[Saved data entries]
============================================================

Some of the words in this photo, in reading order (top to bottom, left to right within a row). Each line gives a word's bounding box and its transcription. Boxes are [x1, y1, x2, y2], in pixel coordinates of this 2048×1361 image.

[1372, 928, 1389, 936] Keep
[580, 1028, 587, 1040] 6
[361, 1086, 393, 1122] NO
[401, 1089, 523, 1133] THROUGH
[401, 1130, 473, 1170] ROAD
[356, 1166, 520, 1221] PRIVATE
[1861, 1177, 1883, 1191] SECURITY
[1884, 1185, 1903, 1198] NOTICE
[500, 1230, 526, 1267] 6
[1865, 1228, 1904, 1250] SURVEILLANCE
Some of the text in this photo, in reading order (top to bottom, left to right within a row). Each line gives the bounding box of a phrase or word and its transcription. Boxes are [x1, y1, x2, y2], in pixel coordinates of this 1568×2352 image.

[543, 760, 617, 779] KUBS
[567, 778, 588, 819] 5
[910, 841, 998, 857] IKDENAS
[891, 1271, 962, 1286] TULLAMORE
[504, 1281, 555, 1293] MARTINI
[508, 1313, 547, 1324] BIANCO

============================================================

| WHAT TO PRODUCE |
Your task is to write out, exactly, the line that contains "Some of the text" and each line after it to the end of the data, with no other lines.

| RESULT BELOW |
Some of the text in this photo, in reading order (top to bottom, left to right within a row). Each line gives the bounding box of a phrase or word and its transcription. Boxes are [x1, y1, x2, y2], in pixel coordinates of this 1568×2352 image.

[543, 760, 617, 779] KUBS
[567, 778, 588, 819] 5
[910, 841, 998, 857] IKDENAS
[891, 1271, 962, 1286] TULLAMORE
[504, 1281, 555, 1293] MARTINI
[508, 1313, 547, 1324] BIANCO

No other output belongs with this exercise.